Task item:
Drop the pictures and repeat exactly from the "Some of the text" line down to the last line of the entries below.

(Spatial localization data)
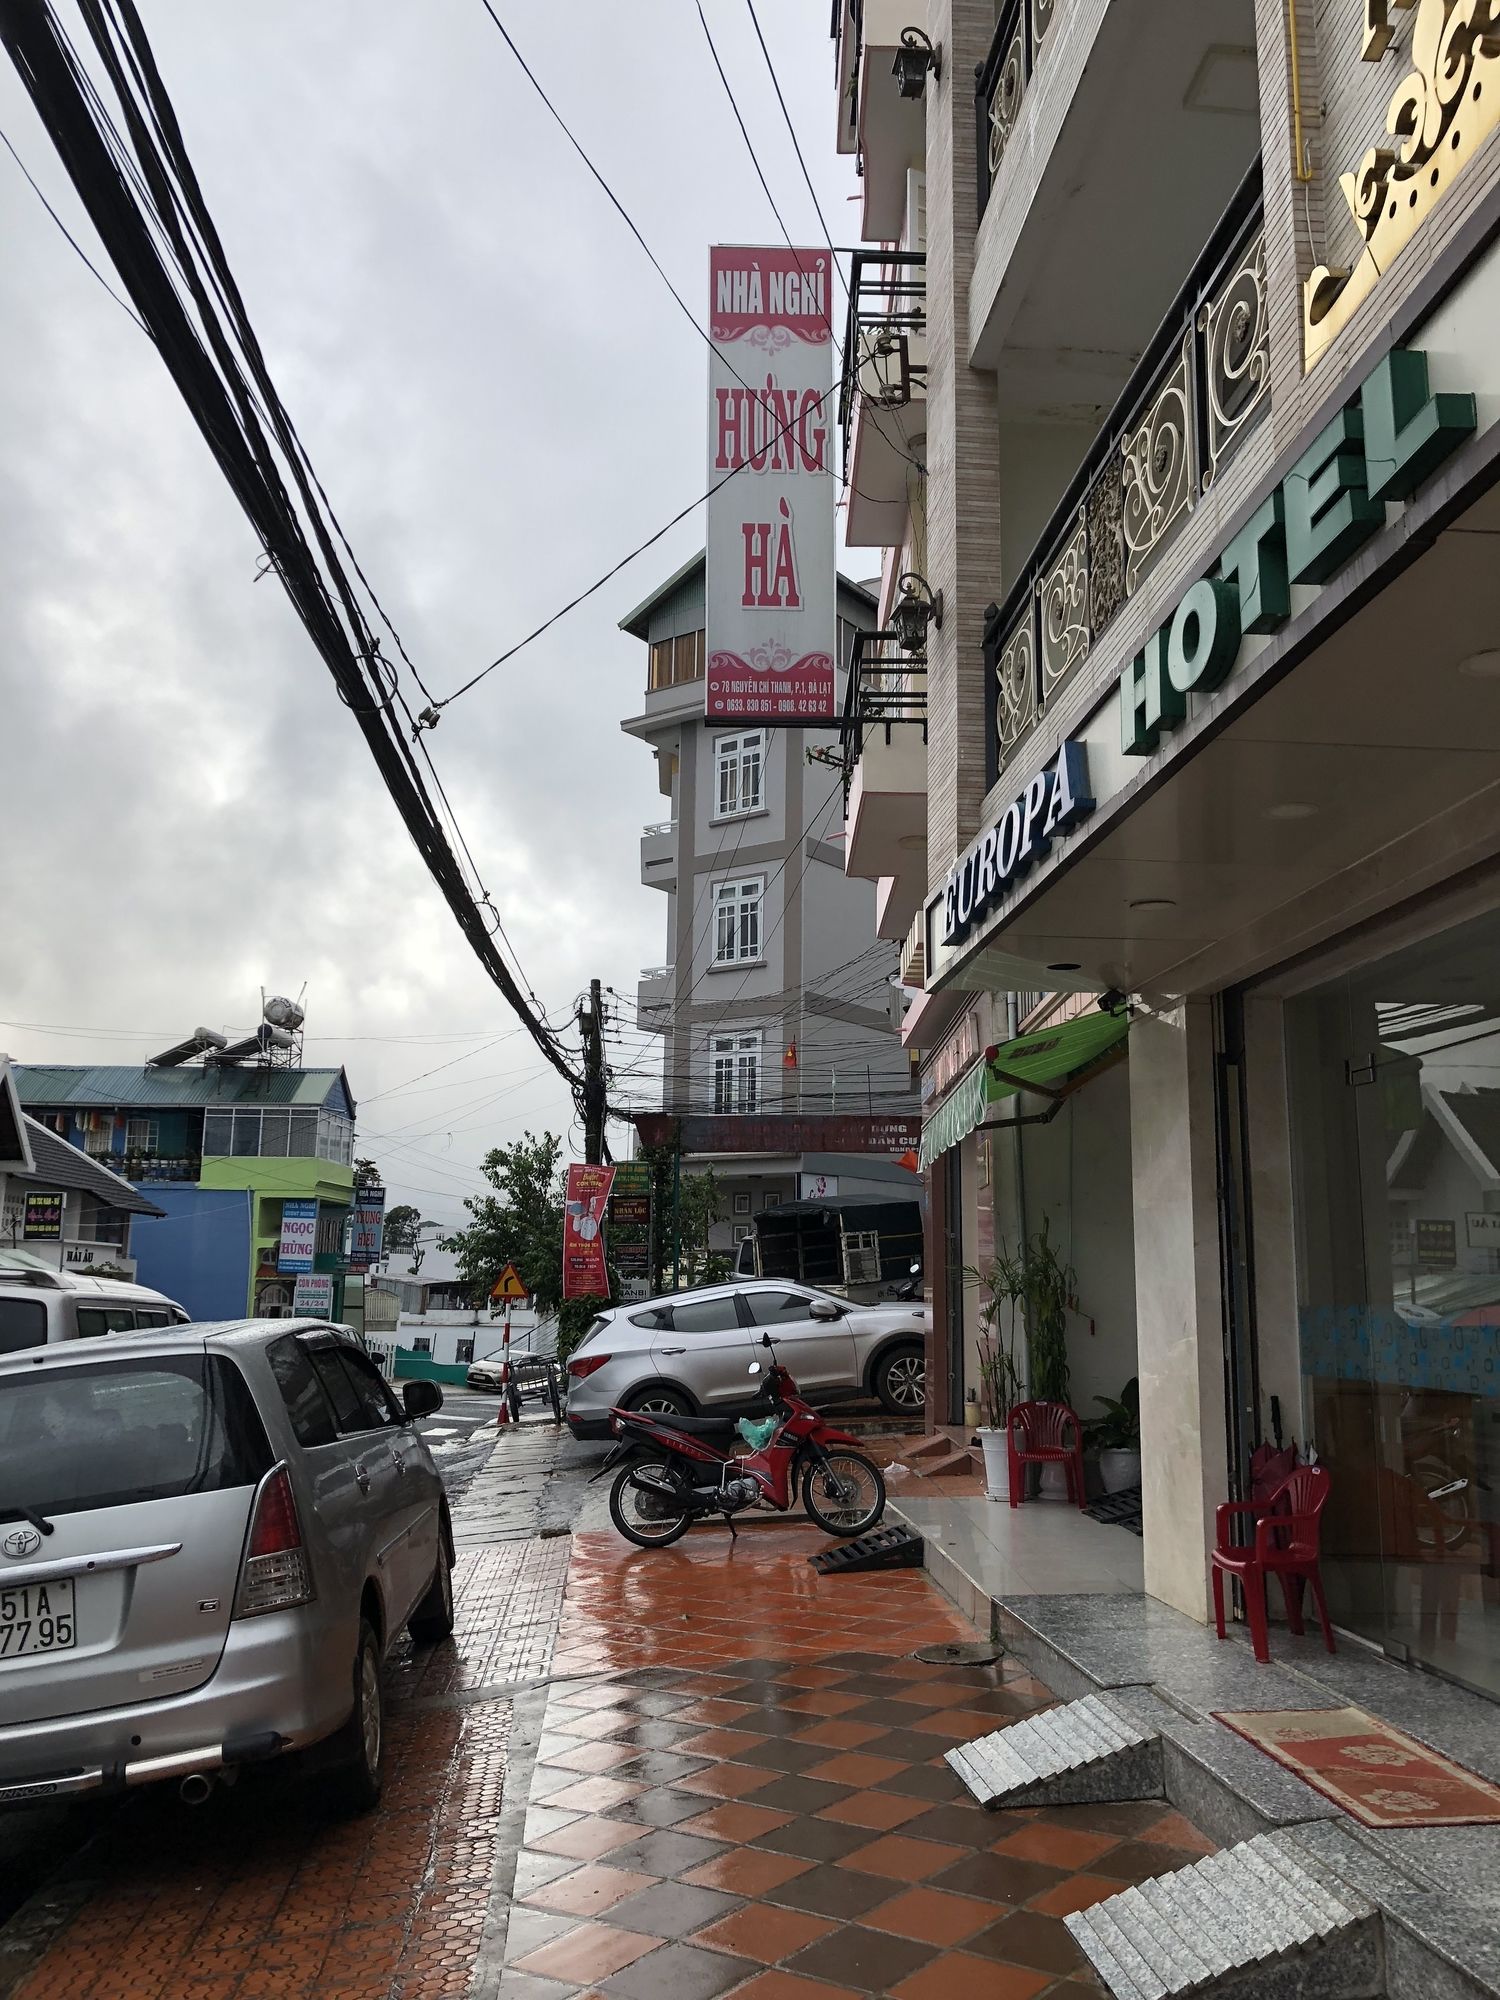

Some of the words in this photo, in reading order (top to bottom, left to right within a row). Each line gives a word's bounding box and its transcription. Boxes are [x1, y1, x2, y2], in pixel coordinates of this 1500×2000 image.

[717, 262, 764, 314] NHÀ
[770, 258, 825, 315] NGHỈ
[715, 373, 826, 473] HƯNG
[742, 496, 800, 607] HÀ
[941, 740, 1096, 946] EUROPA
[1120, 348, 1476, 756] HOTEL
[722, 681, 730, 692] 78
[731, 676, 757, 693] NGUYỄN
[758, 679, 769, 693] CHÍ
[808, 679, 817, 694] ĐÀ
[819, 682, 831, 697] LẠT
[760, 700, 772, 712] 851
[799, 700, 806, 712] 42
[818, 700, 826, 712] 42
[356, 1210, 381, 1224] TRUNG
[283, 1222, 313, 1236] NGỌC
[67, 1247, 82, 1262] HẢI
[281, 1240, 312, 1255] HÙNG
[2, 1586, 51, 1621] 51A
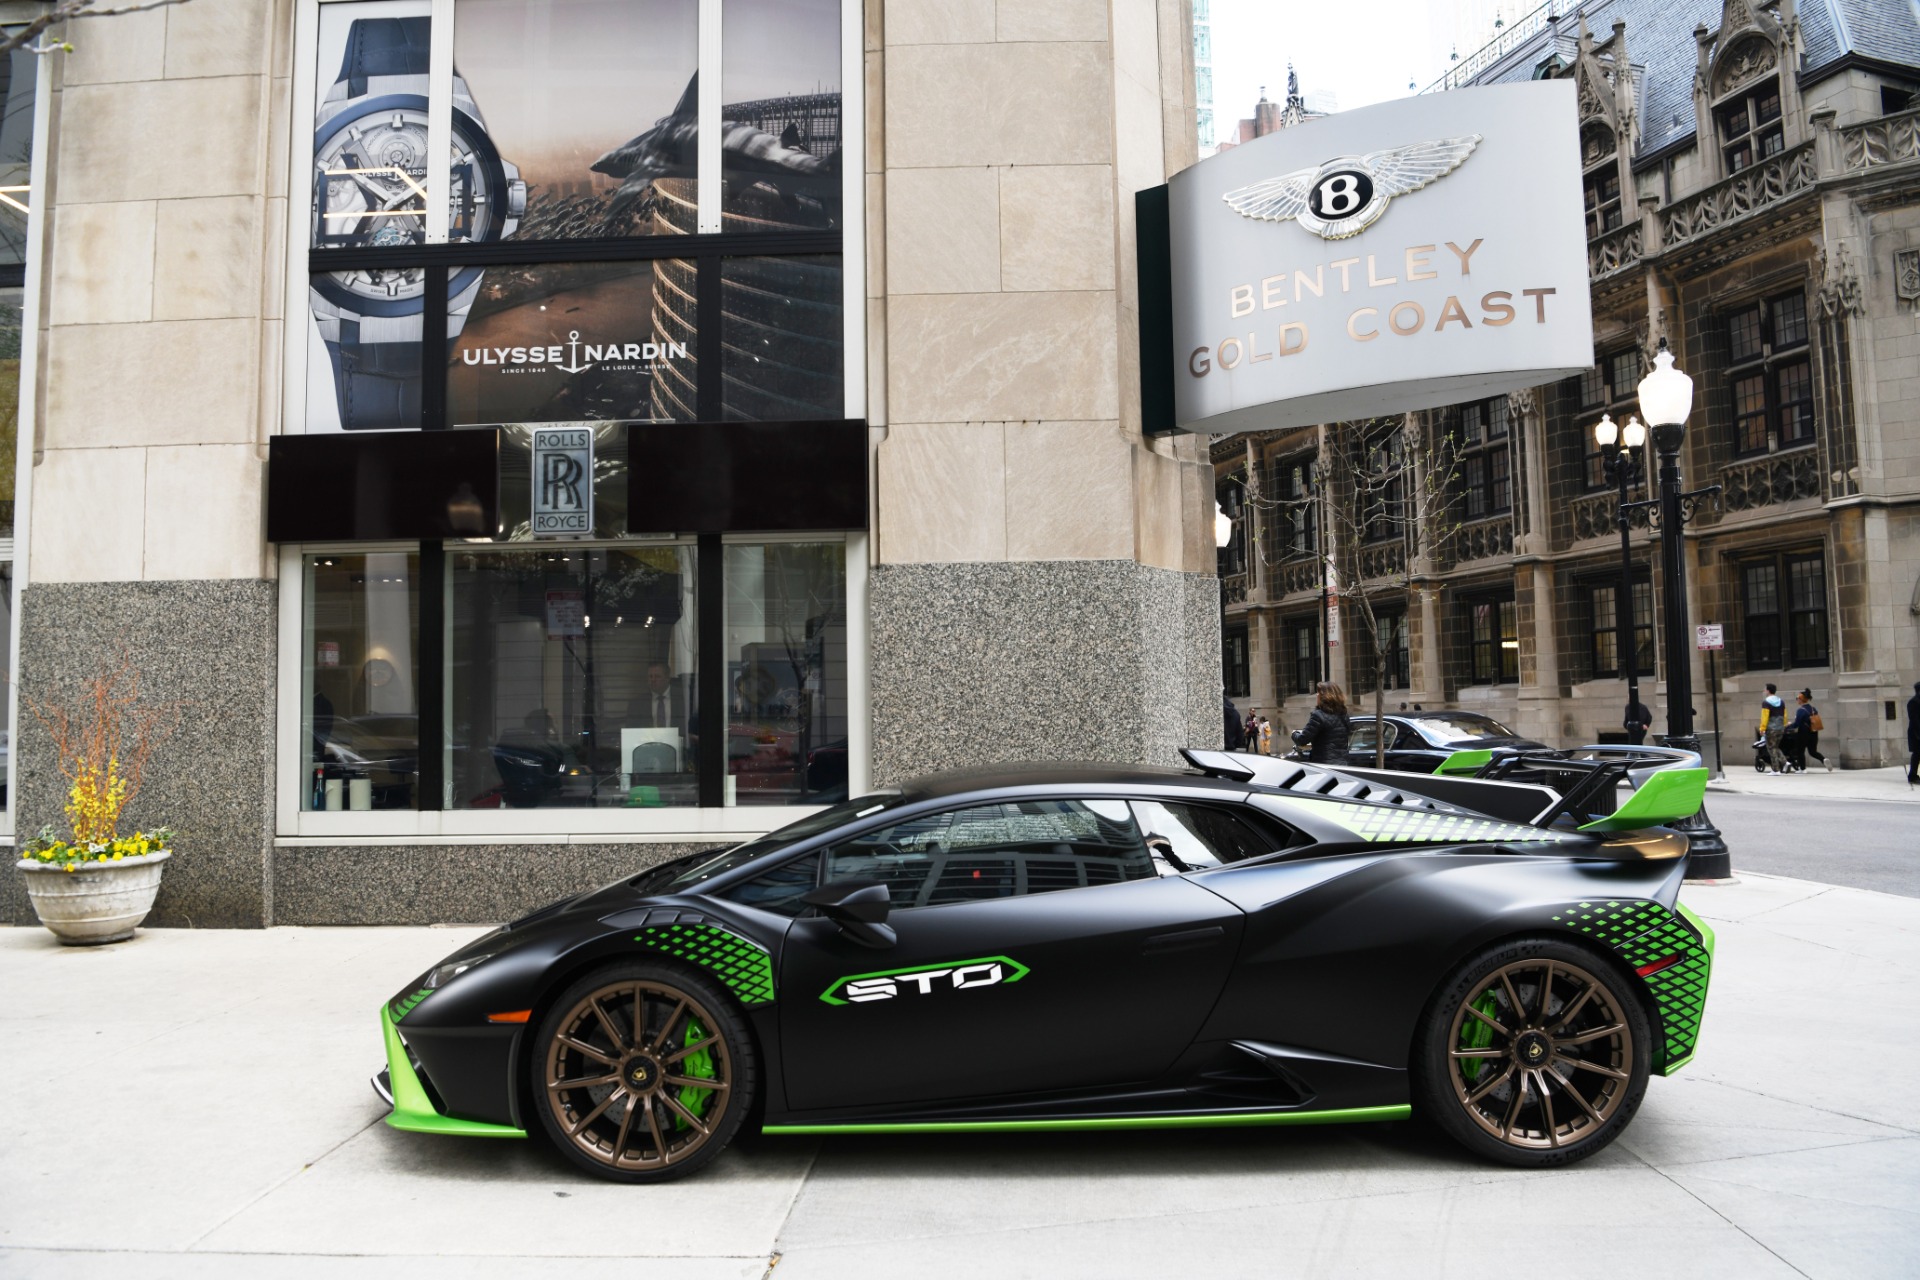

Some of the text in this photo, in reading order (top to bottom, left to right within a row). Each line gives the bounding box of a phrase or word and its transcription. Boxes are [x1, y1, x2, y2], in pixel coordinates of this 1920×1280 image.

[1319, 174, 1360, 215] B
[1231, 238, 1484, 319] BENTLEY
[1188, 287, 1556, 378] GOLD COAST
[463, 342, 687, 365] ULYSSE NARDIN
[538, 433, 586, 447] ROLLS
[537, 515, 585, 529] ROYCE
[846, 963, 1003, 1003] STO
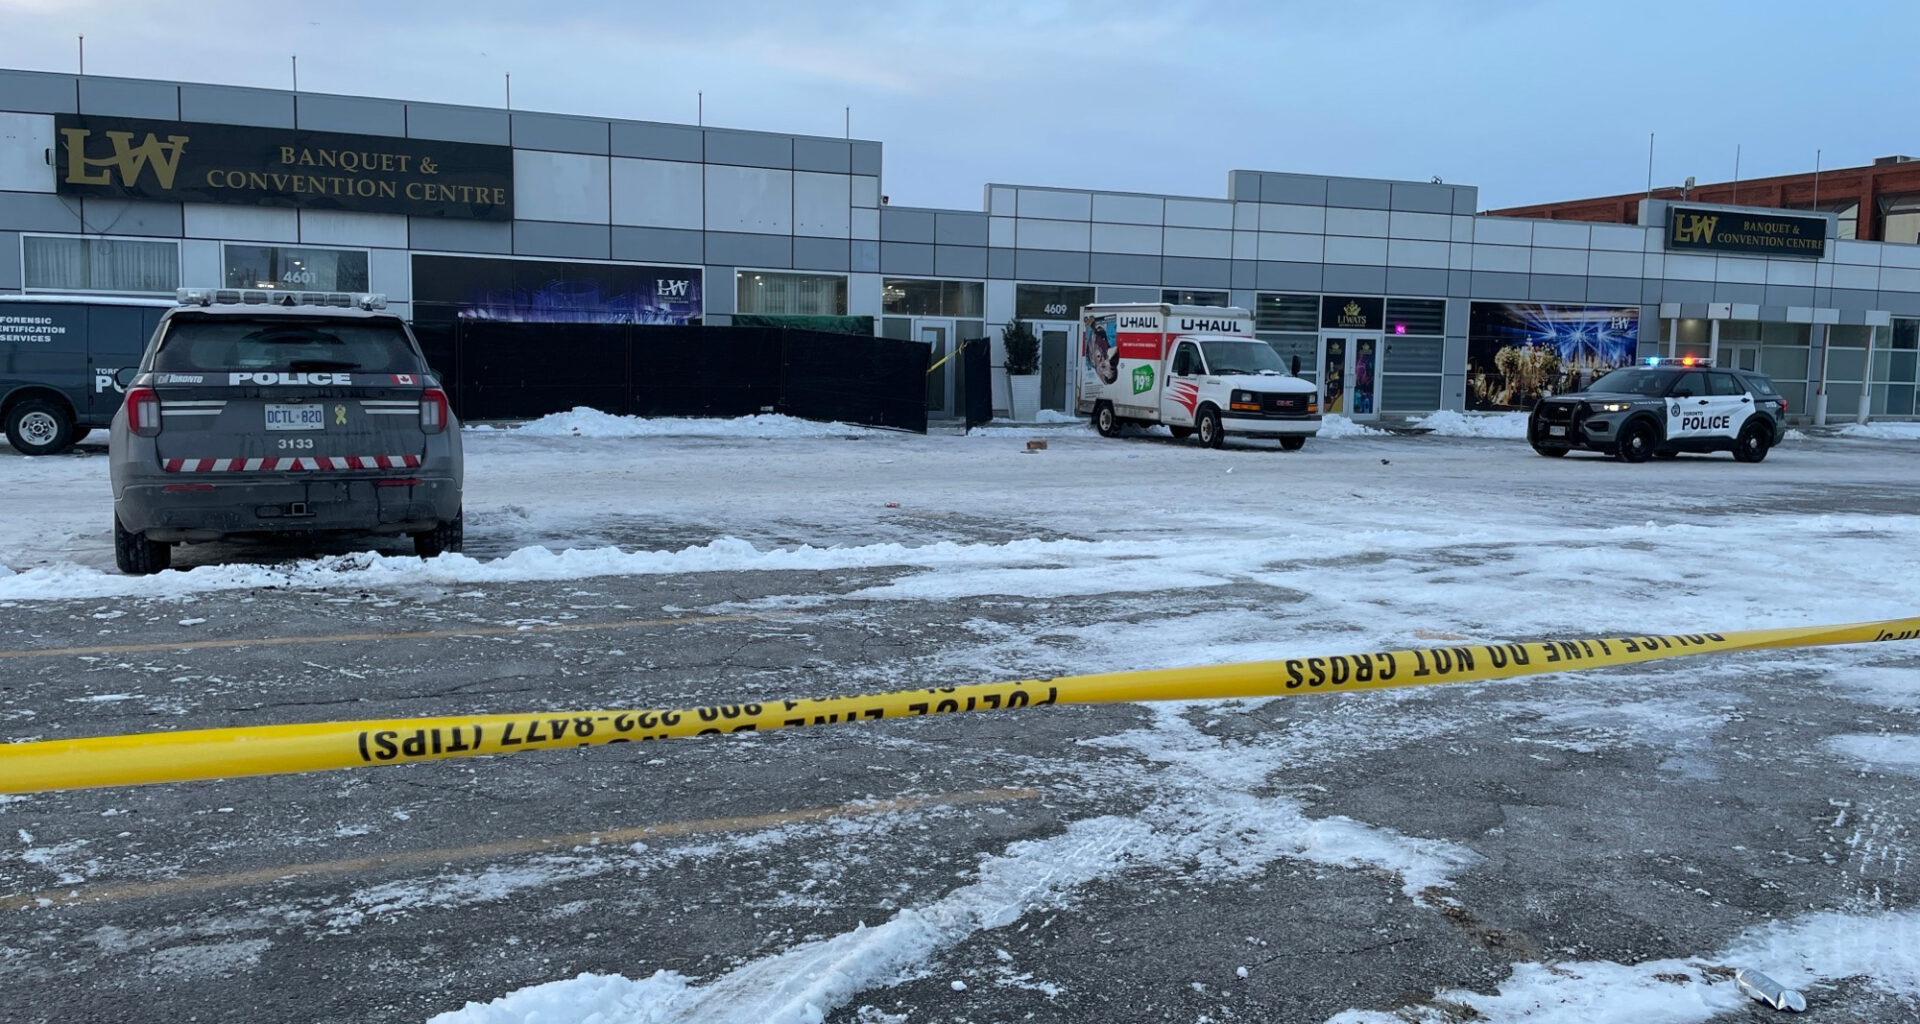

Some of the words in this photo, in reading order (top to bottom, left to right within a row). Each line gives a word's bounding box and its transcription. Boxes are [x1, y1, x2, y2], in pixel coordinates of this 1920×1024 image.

[60, 128, 190, 190] LW
[280, 146, 411, 173] BANQUET
[419, 157, 438, 175] &
[206, 169, 396, 198] CONVENTION
[405, 182, 506, 205] CENTRE
[1673, 213, 1719, 244] LW
[1743, 221, 1791, 235] BANQUET
[1792, 226, 1800, 235] &
[1717, 232, 1784, 247] CONVENTION
[1786, 238, 1823, 250] CENTRE
[283, 271, 316, 285] 4601
[656, 279, 689, 297] LW
[1043, 303, 1068, 315] 4609
[0, 316, 52, 325] FORENSIC
[1120, 316, 1159, 328] U-HAUL
[1181, 319, 1241, 332] U-HAUL
[0, 334, 52, 342] SERVICES
[228, 372, 352, 386] POLICE
[267, 410, 295, 423] DCTL
[301, 410, 322, 423] 820
[1681, 415, 1730, 430] POLICE
[278, 438, 314, 449] 3133
[1413, 647, 1476, 677] NOT
[1284, 652, 1397, 690] CROSS
[357, 725, 482, 762] (TIPS)

Exercise answer:
Some of the text in this photo, in reading order (top to bottom, left to right within a row). Each line gives the bounding box of a phrase or word and its transcription. Boxes are [x1, y1, x2, y2], in pixel coordinates of this 1920×1280 image.

[1319, 174, 1360, 215] B
[1231, 238, 1484, 319] BENTLEY
[1188, 287, 1556, 378] GOLD COAST
[463, 342, 687, 365] ULYSSE NARDIN
[538, 433, 586, 447] ROLLS
[537, 515, 585, 529] ROYCE
[846, 963, 1003, 1003] STO

Some of the words in this photo, in reading order (top to bottom, left to right within a row). Each line gives a word's bounding box and its transcription. Boxes are [x1, y1, x2, y2], in pixel coordinates of this 1920×1024 image.

[60, 128, 190, 190] LW
[280, 146, 411, 173] BANQUET
[419, 157, 438, 175] &
[206, 169, 396, 198] CONVENTION
[405, 182, 506, 205] CENTRE
[1673, 213, 1719, 244] LW
[1743, 221, 1791, 235] BANQUET
[1792, 226, 1800, 235] &
[1717, 232, 1784, 247] CONVENTION
[1786, 238, 1823, 250] CENTRE
[283, 271, 316, 285] 4601
[656, 279, 689, 297] LW
[1043, 303, 1068, 315] 4609
[0, 316, 52, 325] FORENSIC
[1120, 316, 1159, 328] U-HAUL
[1181, 319, 1241, 332] U-HAUL
[0, 334, 52, 342] SERVICES
[228, 372, 352, 386] POLICE
[267, 410, 295, 423] DCTL
[301, 410, 322, 423] 820
[1681, 415, 1730, 430] POLICE
[278, 438, 314, 449] 3133
[1413, 647, 1476, 677] NOT
[1284, 652, 1397, 690] CROSS
[357, 725, 482, 762] (TIPS)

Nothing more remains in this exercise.